Erislane Rodrigues RIBEIRO – CAC/UFG Introdução

A mídia é, sem dúvida nenhuma, um dos mais importantes instrumentos de formação de opinião em nossa sociedade. Quanto aos discursos que faz circular, sobre a leitura por exemplo, os meios de comunicação, tais como a televisão e os jornais, têm um papel significativo a desempenhar. Segundo Costa (2008, p. 176), o gênero vinheta quando é empregado na televisão, dentre outras formas, pode se constituir de um desenho animado com o propósito de separar as seções de um programa. Em 2007, a Rede Globo de Televisão veiculou, durante a exibição de filmes, uma série de vinhetas com essas características para abordar o tema leitura.

Neste trabalho, temos por objetivo identificar alguns dentre os diversos discursos acerca da leitura que perpassam doze dessas vinhetas. A hipótese levantada é que as vinhetas produzidas pela Globo, ao serem apresentadas como um instrumento de incentivo à prática da leitura, revelam discursos míticos sobre o ato de ler bastante arraigados na cultura brasileira.

Duas partes fundamentais constituem este texto. Sua fundamentação teórica advém, em especial, da leitura de textos escritos por Bakhtin (1995) e (2000) que, além de desenvolver o conceito de gênero como sendo “... uma forma padrão e relativamente estável de estruturação de um todo” (BAKHTIN, 2000, p. 301), possibilitando que analisemos as vinhetas ___ cuja constituição se dá no interior da esfera midiática ___, como uma espécie de gênero bastante usado na modernidade, ressalta a importância de considerarmos o dialogismo como constitutivo de todo e qualquer enunciado; por Britto (2003), que apresenta certos mitos acerca da leitura recorrentes na sociedade e por Poulain (1997) e Pompougnac (1997) que, ao tratarem a leitura como prática cultural, destacam como as escolhas culturais de um povo sofrem influência de múltiplas e complexas contingências. Encerrada a seção dedicada à fundamentação teórica, as doze vinhetas gravadas são agrupadas para a realização das análises. Por último, seguem as referências bibliográficas.

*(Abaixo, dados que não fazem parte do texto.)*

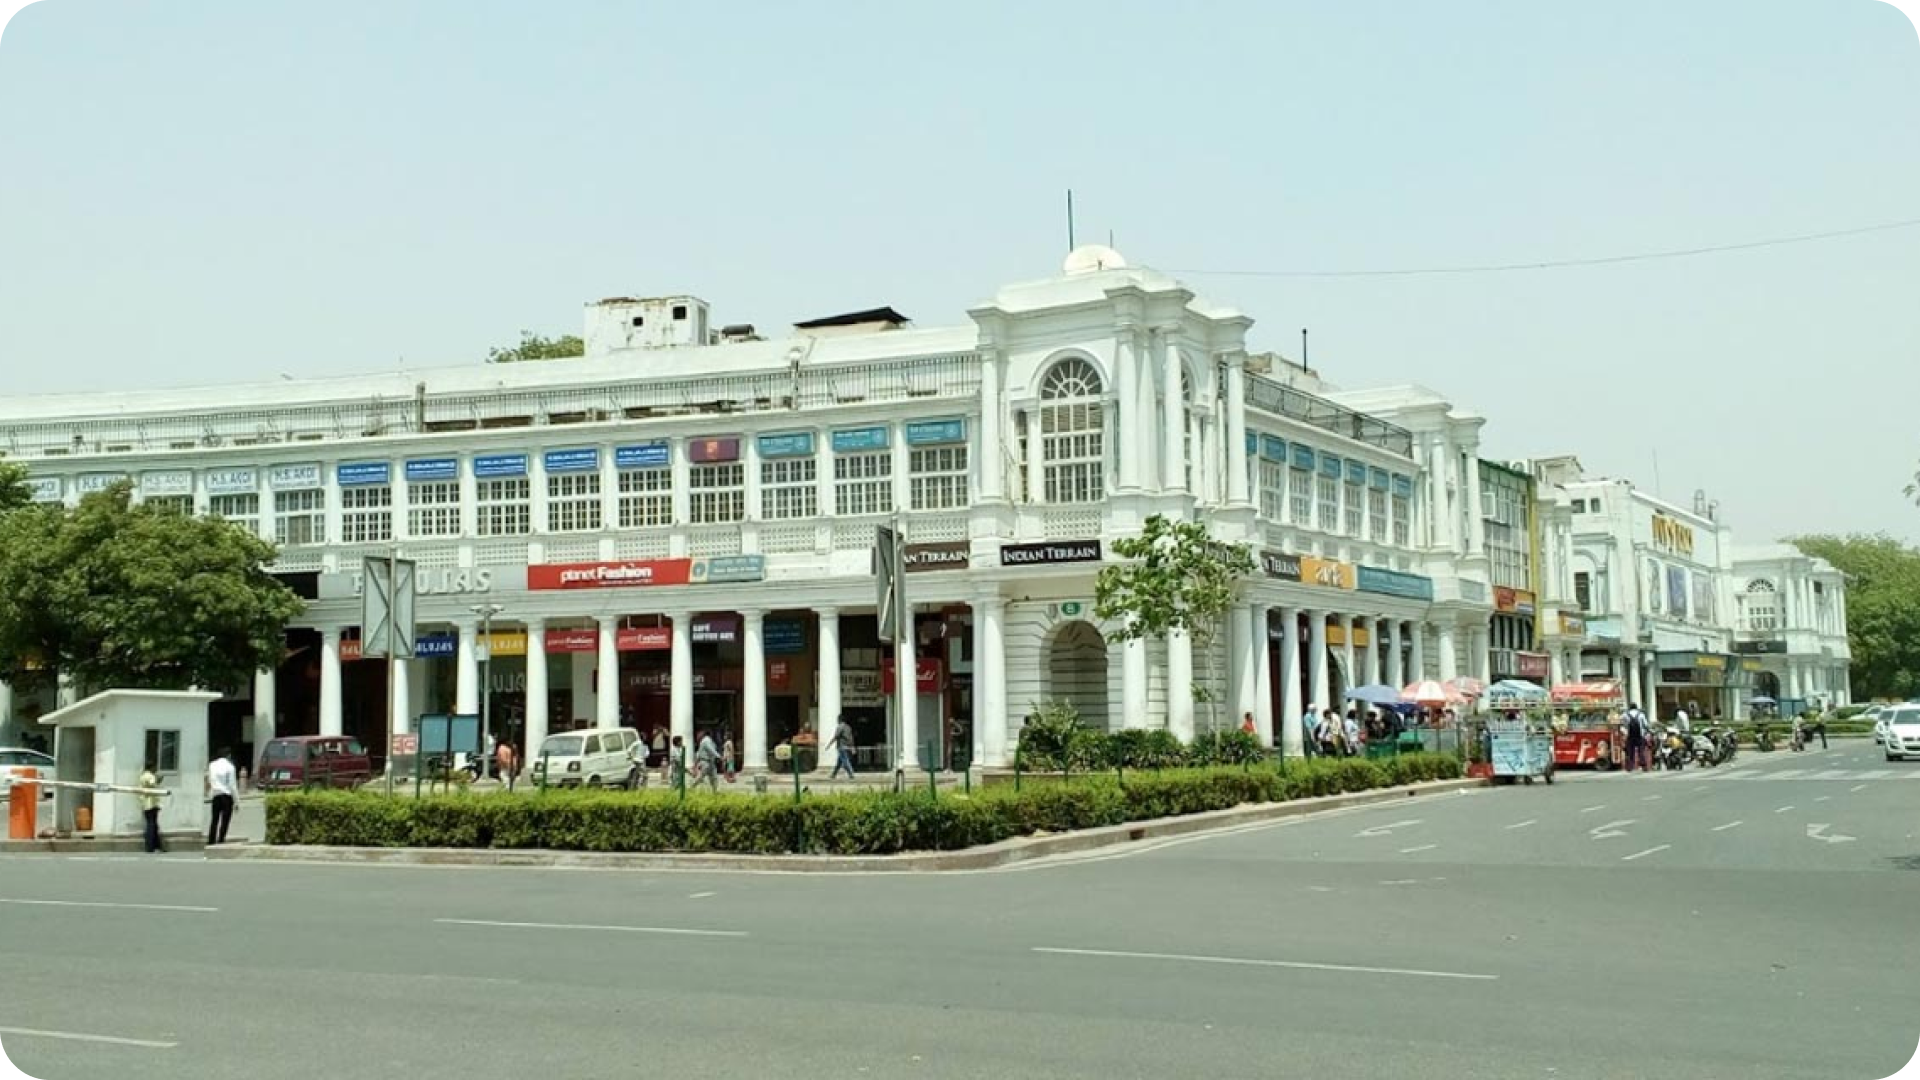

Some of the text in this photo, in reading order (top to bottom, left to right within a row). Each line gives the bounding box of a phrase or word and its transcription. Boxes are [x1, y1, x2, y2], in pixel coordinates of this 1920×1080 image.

[919, 549, 967, 563] TERRAIN
[1003, 546, 1096, 562] INDIAN TERRAIN
[597, 563, 652, 580] Fashion

1 Dialogismo e Mito no Gênero Vinhetas

Para Bakhtin (2000), gênero são as formas que os enunciados adquirem em determinadas esferas de atividades entre interlocutores que as reconhecem, porque as mesmas se constituíram historicamente, através de processos de interação. Segundo o autor, gênero do discurso é um “tipo de enunciado, relativamente estável do ponto de vista temático, composicional e estilístico”, elaborado por cada esfera em que a língua é utilizada. Conceituando gêneros do discurso em relação às esferas de atividade humana, Bakhtin reconhece que inexistem classificações que partam da observação dessas esferas, provavelmente em razão de serem tão variadas, fazendo com que os gêneros, por sua vez, sejam também inúmeros e heterogêneos, de natureza infinita. (BAKHTIN, 2000, p. 284).

A escolha de um gênero do discurso é, segundo Bakhtin (2000, p. 301), decorrente das especificidades de determinada esfera da comunicação verbal, o que significa dizer que existem gêneros, mais ou menos apropriados, tanto em relação às esferas do cotidiano (familiar, íntima, comunitária) como também em relação às esferas dos sistemas ideológicos constituídos (dentre eles, a mídia).

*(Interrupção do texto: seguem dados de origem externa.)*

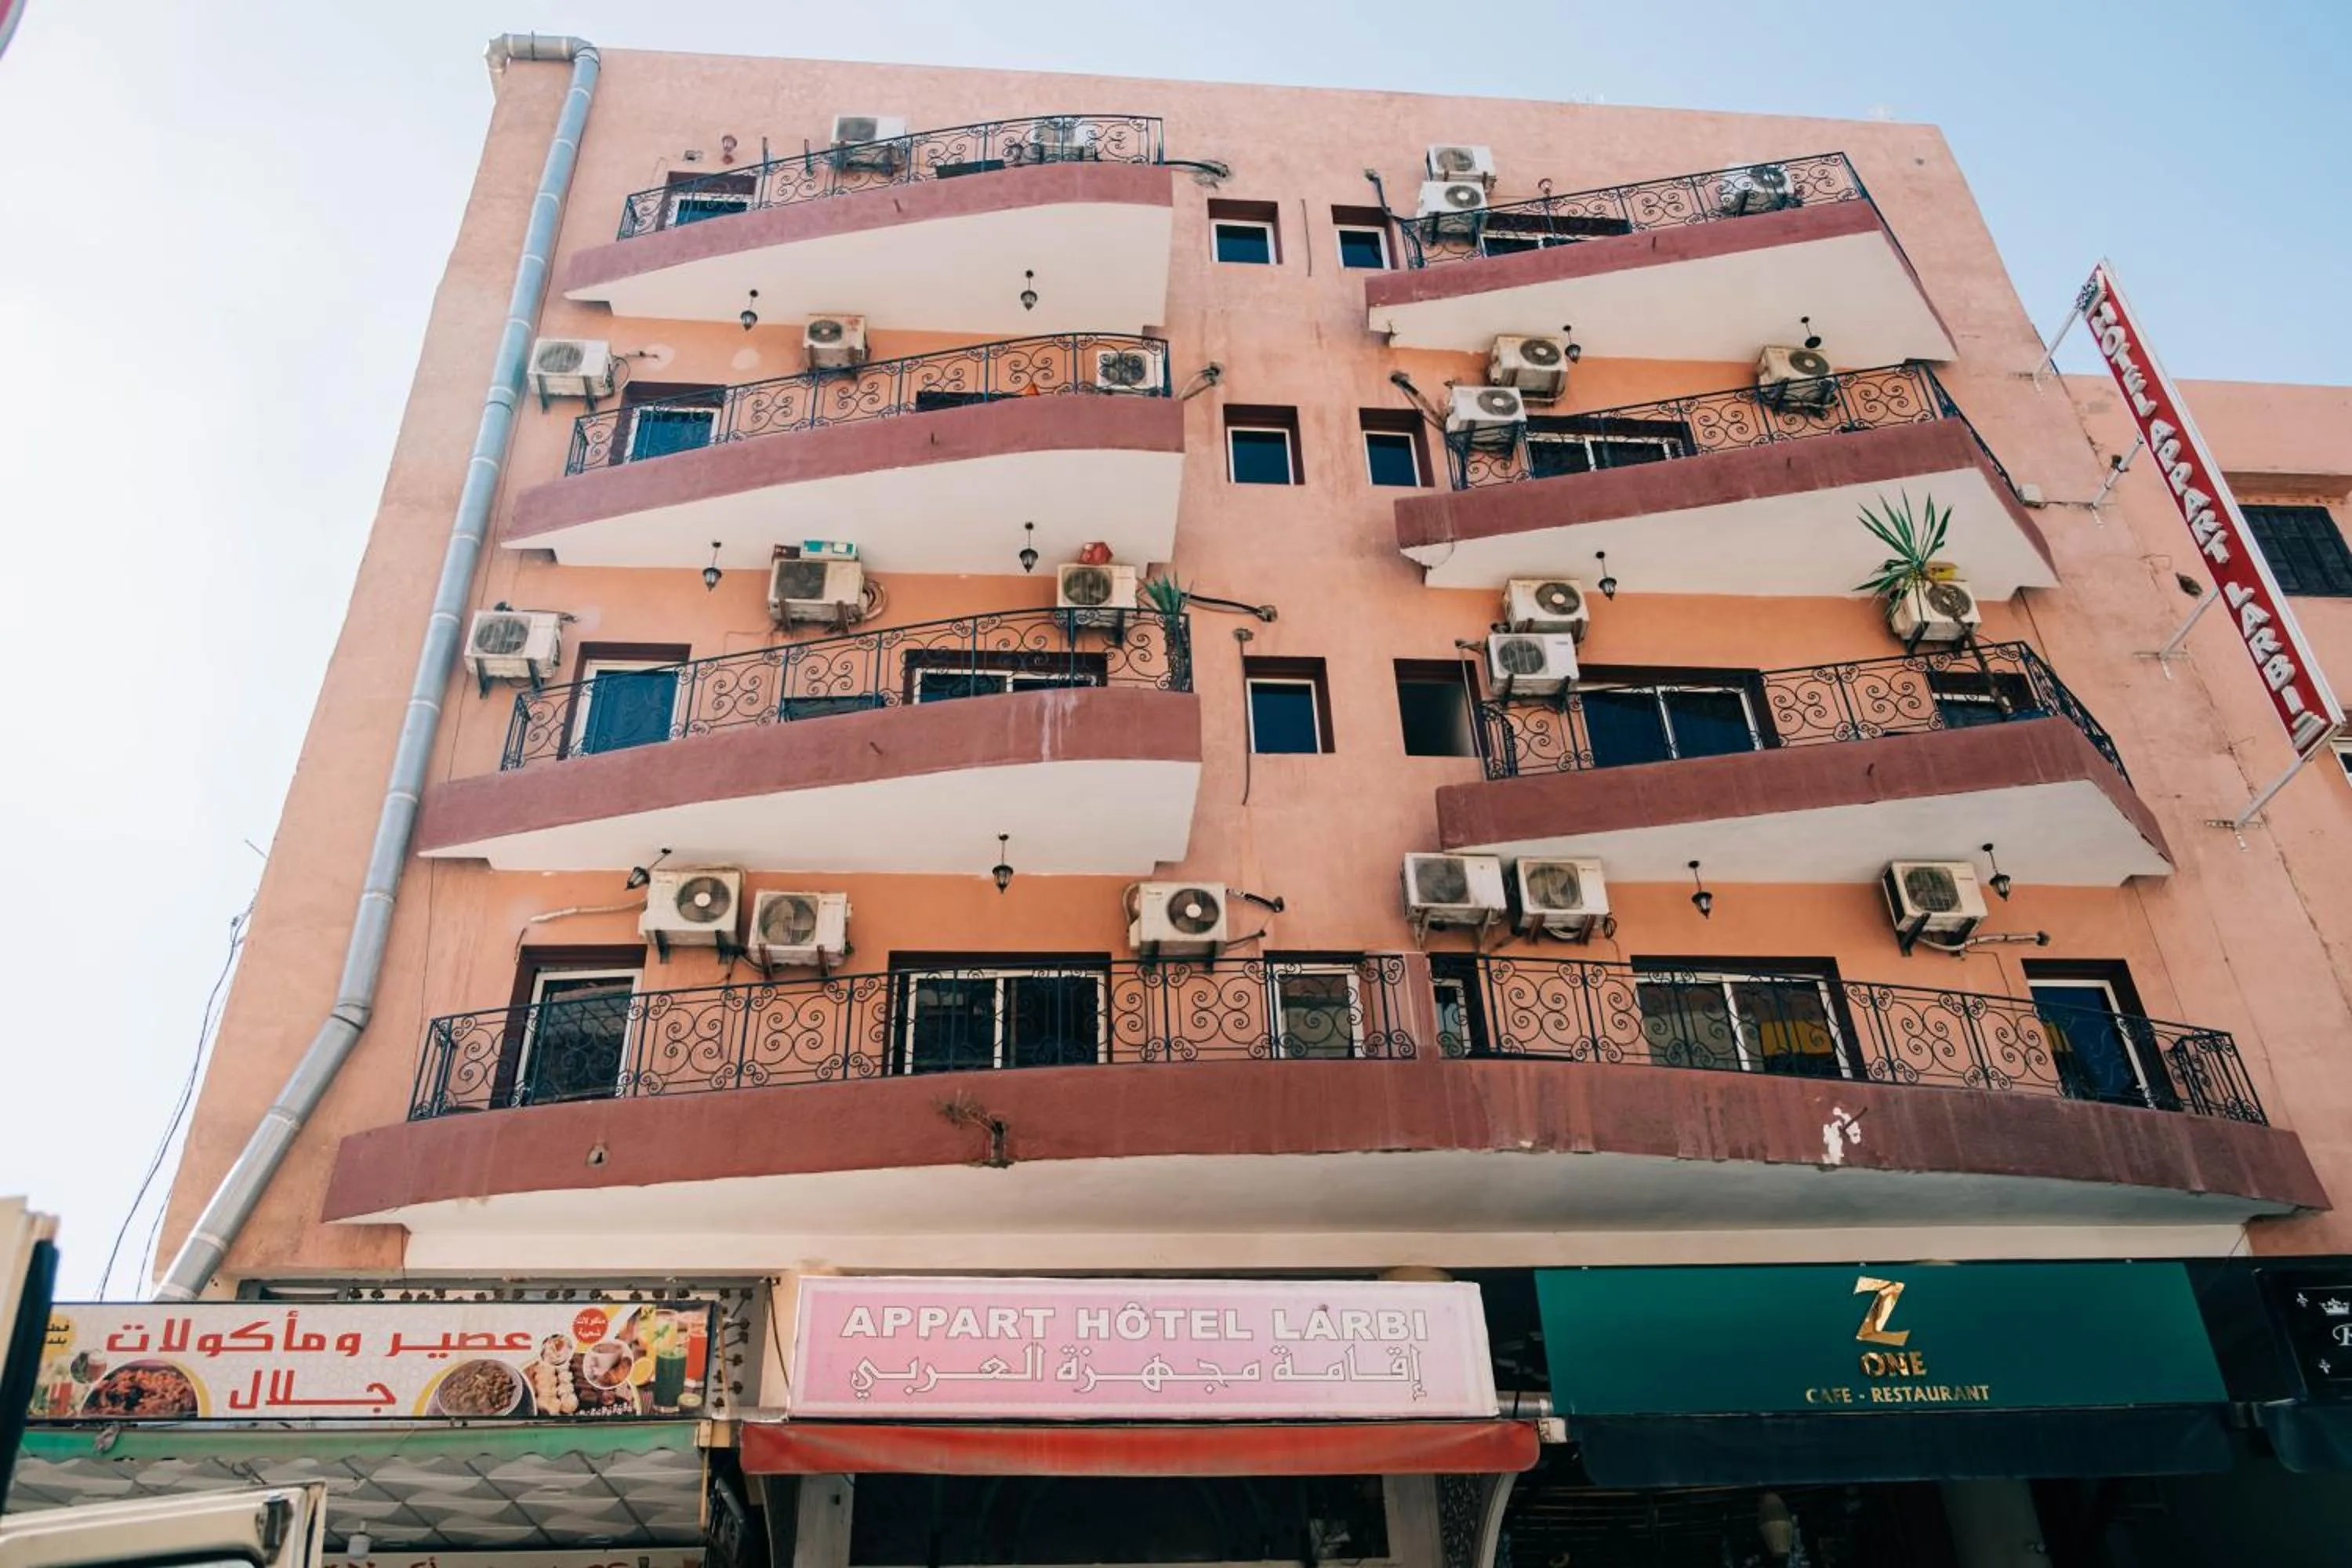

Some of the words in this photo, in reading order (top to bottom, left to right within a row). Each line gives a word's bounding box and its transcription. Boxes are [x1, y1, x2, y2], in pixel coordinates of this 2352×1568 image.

[2090, 301, 2158, 417] HOTEL
[2149, 419, 2230, 564] APPART
[2223, 582, 2304, 715] LARBI
[106, 1309, 362, 1357] ومأكولات
[840, 1305, 1056, 1338] APPART
[1076, 1301, 1254, 1341] HÔTEL
[1272, 1308, 1428, 1341] LARBI
[1853, 1276, 1911, 1347] Z
[383, 1332, 532, 1359] عصير
[1860, 1351, 1928, 1377] ONE
[228, 1369, 396, 1414] جلال
[850, 1341, 1047, 1399] العربي
[1055, 1344, 1261, 1396] مجهزة
[1270, 1343, 1428, 1402] إقامة
[1805, 1387, 1853, 1404] CAFE
[1871, 1384, 1990, 1403] RESTAURANT

Com relação à aquisição dos gêneros, para Bakhtin (2000), não se distancia da aprendizagem das formas de nossa língua materna. Para ele, “as formas da língua e as formas típicas de enunciados, isto é, os gêneros do discurso, introduzem-se em nossa experiência e em nossa consciência conjuntamente e sem que sua estreita correlação seja rompida”. No processo de aquisição dos gêneros, assim como na aquisição das formas da língua, o locutor não cria novos gêneros do discurso, “[...] eles [gêneros] lhe são dados, não é ele [o locutor] que os cria” (BAKHTIN, 2000, p. 304).

1 Esta pesquisa faz parte de um projeto financiado pelo MCT/FINEP/CT-Infra 2006.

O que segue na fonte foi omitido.